* _WORK REQUEST_
Return only what runs from the line containing "Some of the text" through the last line of the entries below, exactly, omitting pictures.

* _THE DATA_
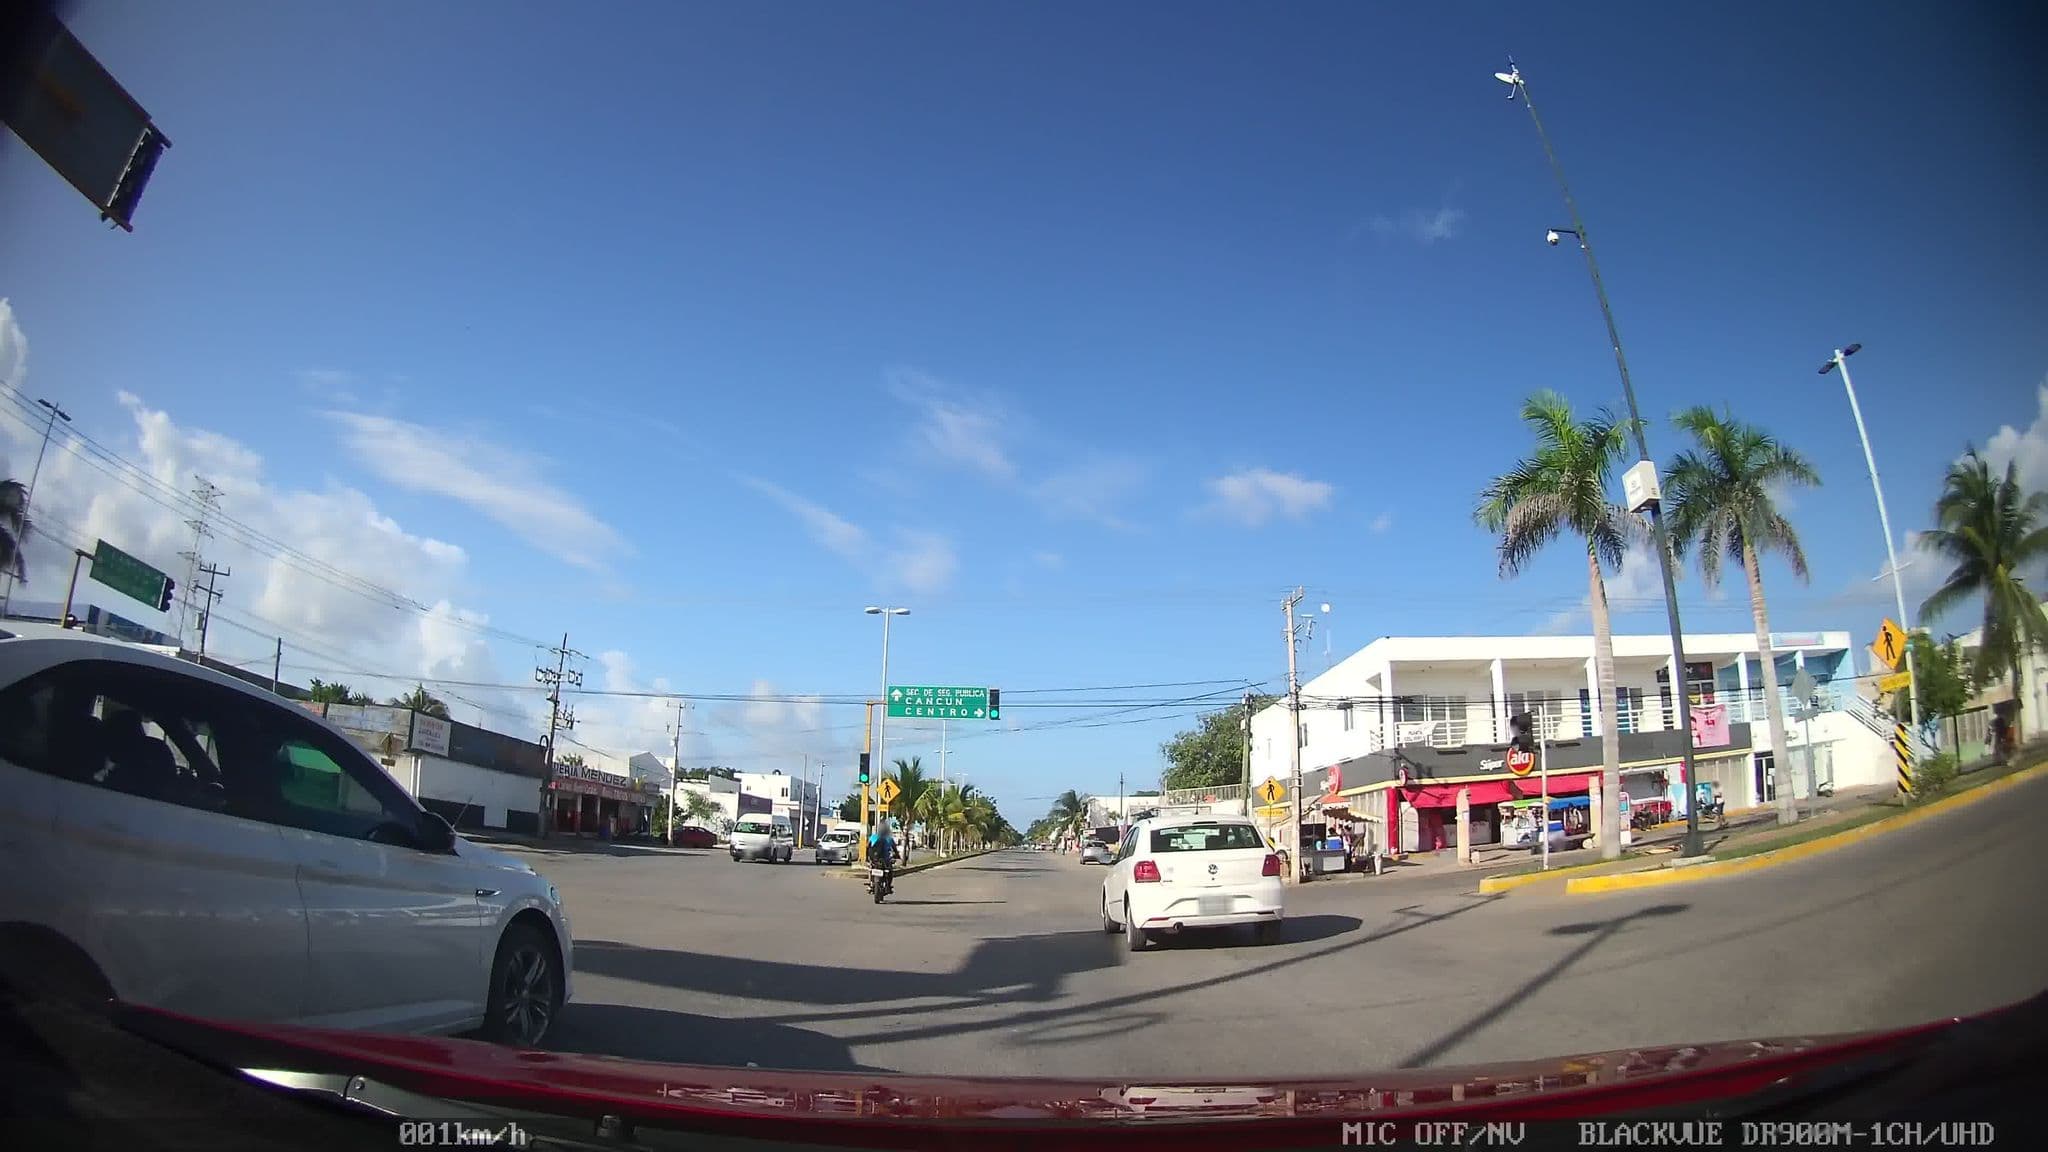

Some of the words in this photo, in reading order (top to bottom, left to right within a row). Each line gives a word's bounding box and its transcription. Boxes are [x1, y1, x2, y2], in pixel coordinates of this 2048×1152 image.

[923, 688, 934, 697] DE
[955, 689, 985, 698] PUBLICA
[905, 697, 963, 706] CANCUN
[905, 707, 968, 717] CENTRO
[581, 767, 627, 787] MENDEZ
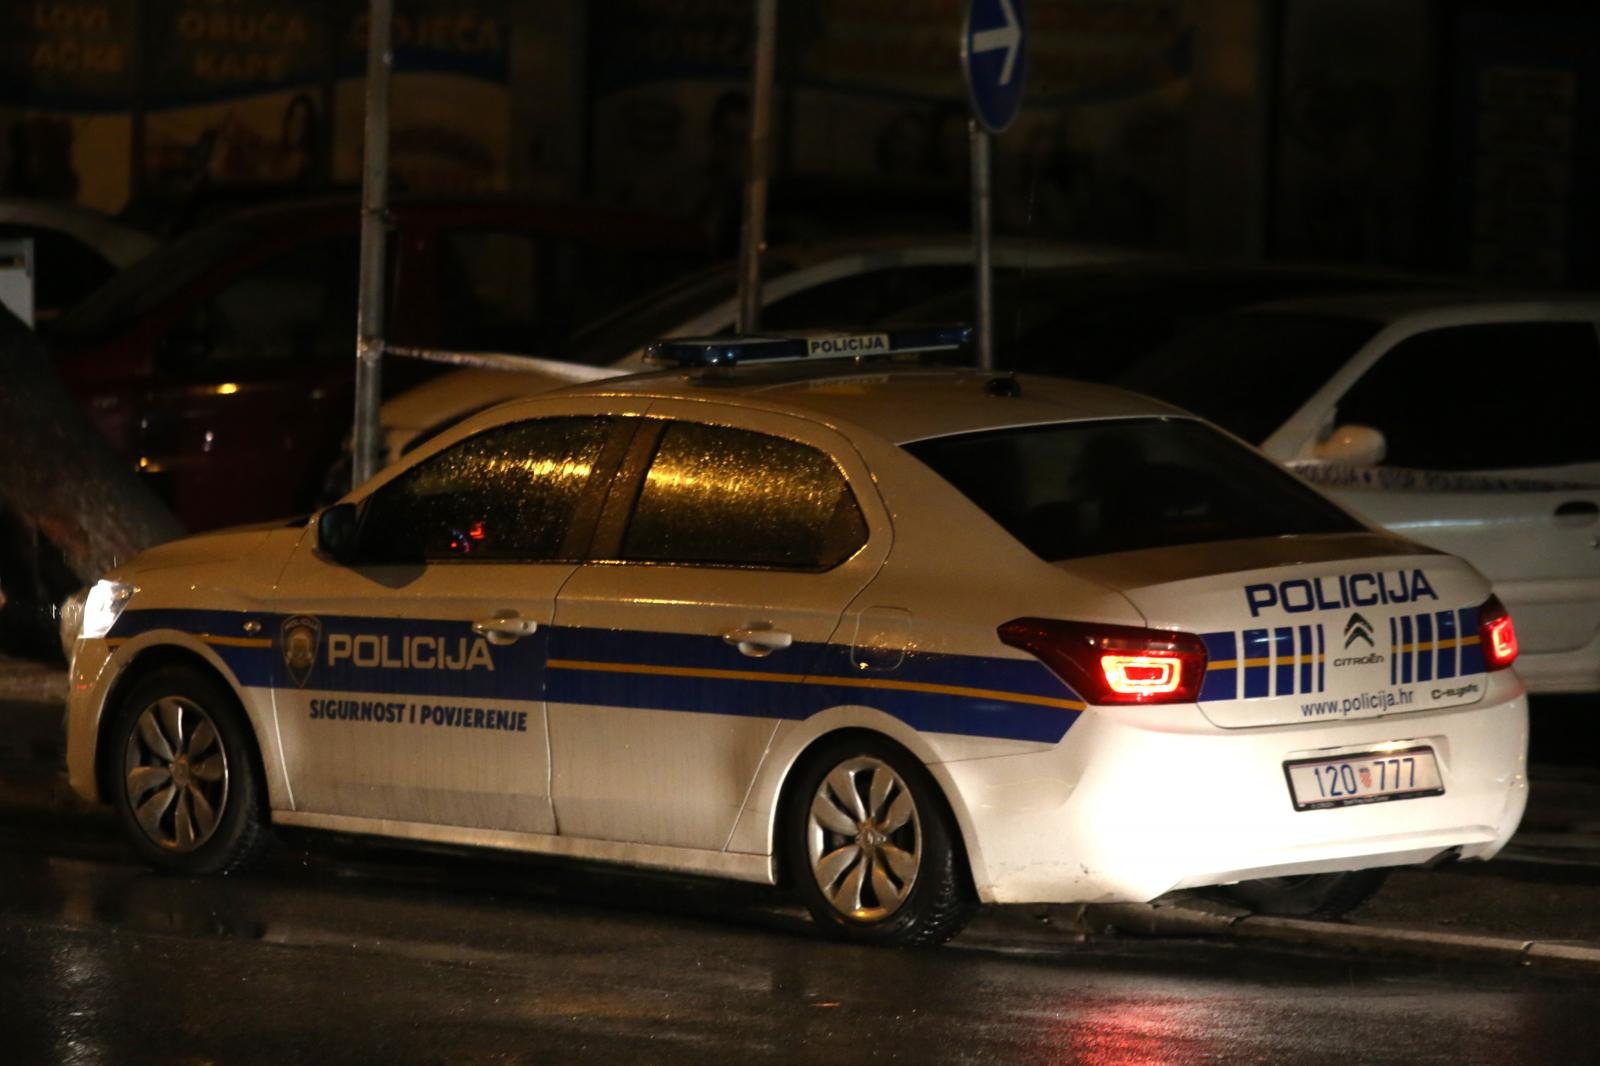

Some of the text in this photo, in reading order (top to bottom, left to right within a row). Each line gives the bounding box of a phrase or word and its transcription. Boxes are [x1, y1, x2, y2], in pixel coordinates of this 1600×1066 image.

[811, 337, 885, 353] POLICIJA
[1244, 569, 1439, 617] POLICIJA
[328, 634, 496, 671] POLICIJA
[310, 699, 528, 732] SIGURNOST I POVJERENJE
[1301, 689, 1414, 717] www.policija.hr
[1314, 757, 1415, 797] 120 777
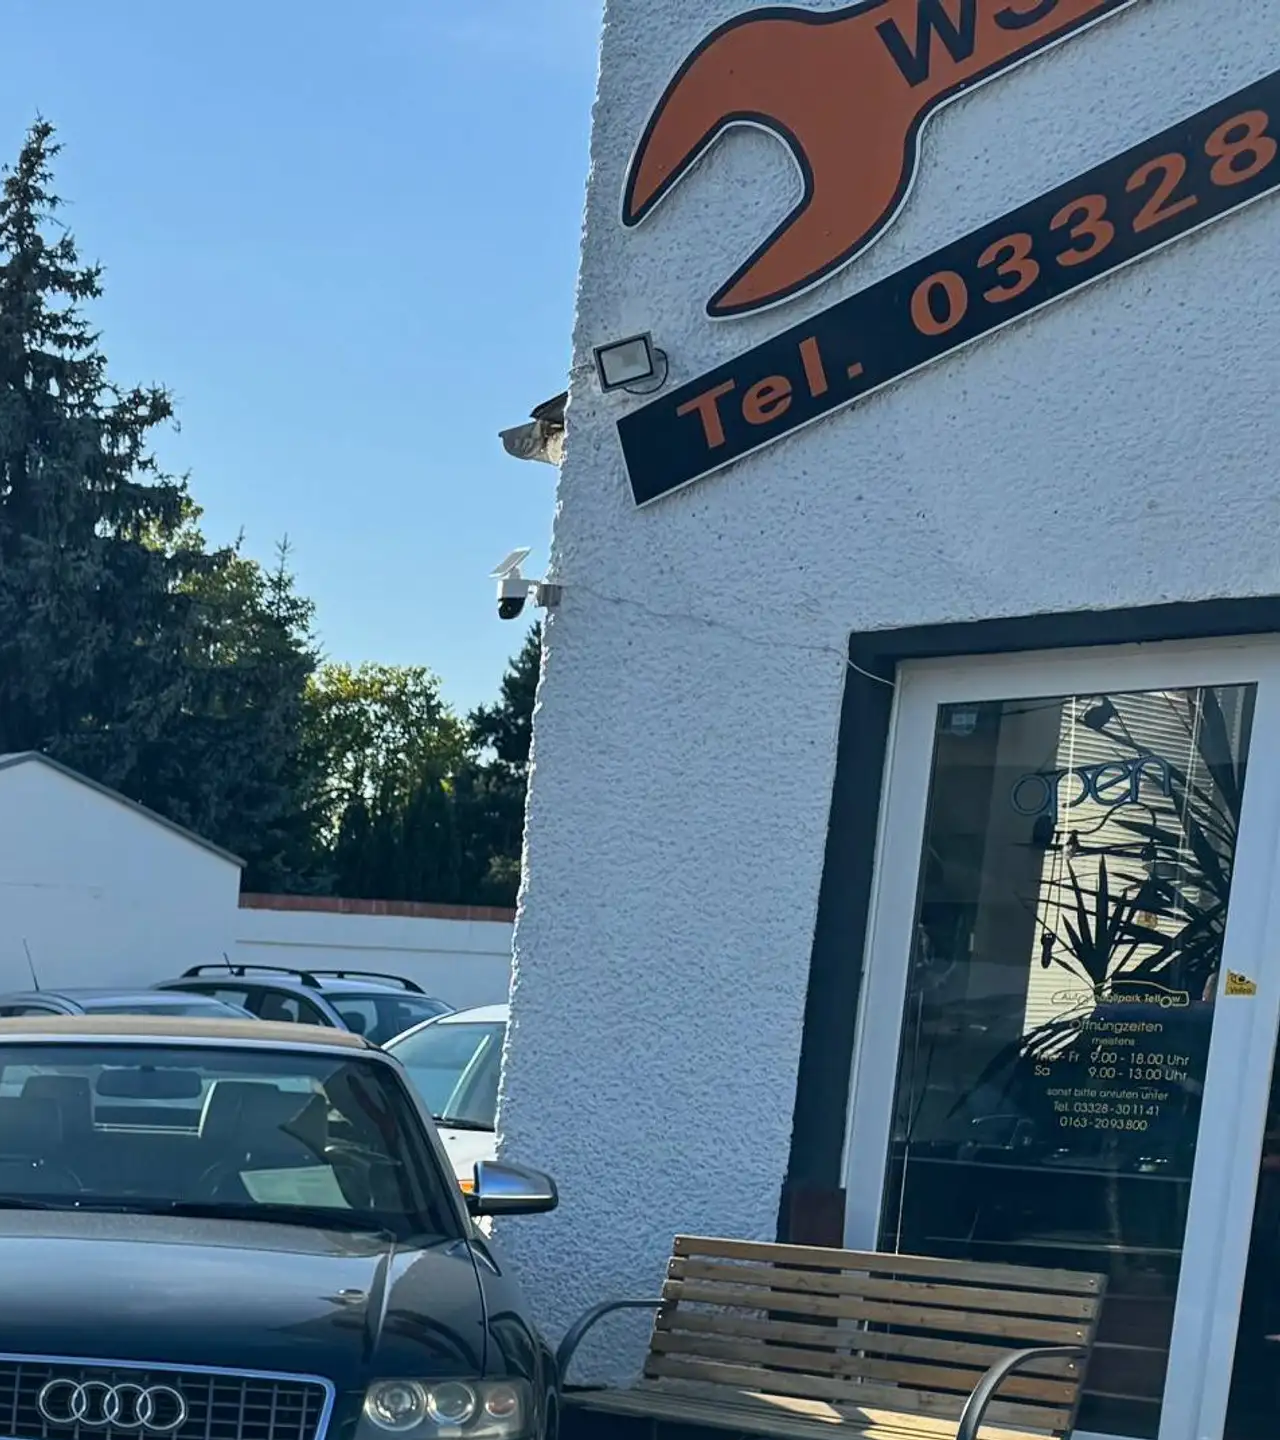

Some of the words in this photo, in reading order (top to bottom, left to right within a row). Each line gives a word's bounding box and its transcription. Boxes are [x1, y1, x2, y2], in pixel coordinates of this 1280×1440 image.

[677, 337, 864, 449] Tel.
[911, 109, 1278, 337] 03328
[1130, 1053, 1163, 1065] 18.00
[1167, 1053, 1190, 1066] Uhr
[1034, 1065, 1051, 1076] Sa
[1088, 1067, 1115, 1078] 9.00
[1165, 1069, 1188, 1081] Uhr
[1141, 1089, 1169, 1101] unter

* _ANSWER FOR THIS EXERCISE_
Some of the text in this photo, in reading order (top to bottom, left to right within a row). Each line gives the bounding box of a phrase or word and its transcription. Boxes are [x1, y1, x2, y2], in pixel coordinates of this 1600×1066 image.

[811, 337, 885, 353] POLICIJA
[1244, 569, 1439, 617] POLICIJA
[328, 634, 496, 671] POLICIJA
[310, 699, 528, 732] SIGURNOST I POVJERENJE
[1301, 689, 1414, 717] www.policija.hr
[1314, 757, 1415, 797] 120 777

Some of the words in this photo, in reading order (top to bottom, left to right within a row). Each line gives a word's bounding box and its transcription. Boxes are [x1, y1, x2, y2], in pixel coordinates of this 1280×1440 image.

[677, 337, 864, 449] Tel.
[911, 109, 1278, 337] 03328
[1130, 1053, 1163, 1065] 18.00
[1167, 1053, 1190, 1066] Uhr
[1034, 1065, 1051, 1076] Sa
[1088, 1067, 1115, 1078] 9.00
[1165, 1069, 1188, 1081] Uhr
[1141, 1089, 1169, 1101] unter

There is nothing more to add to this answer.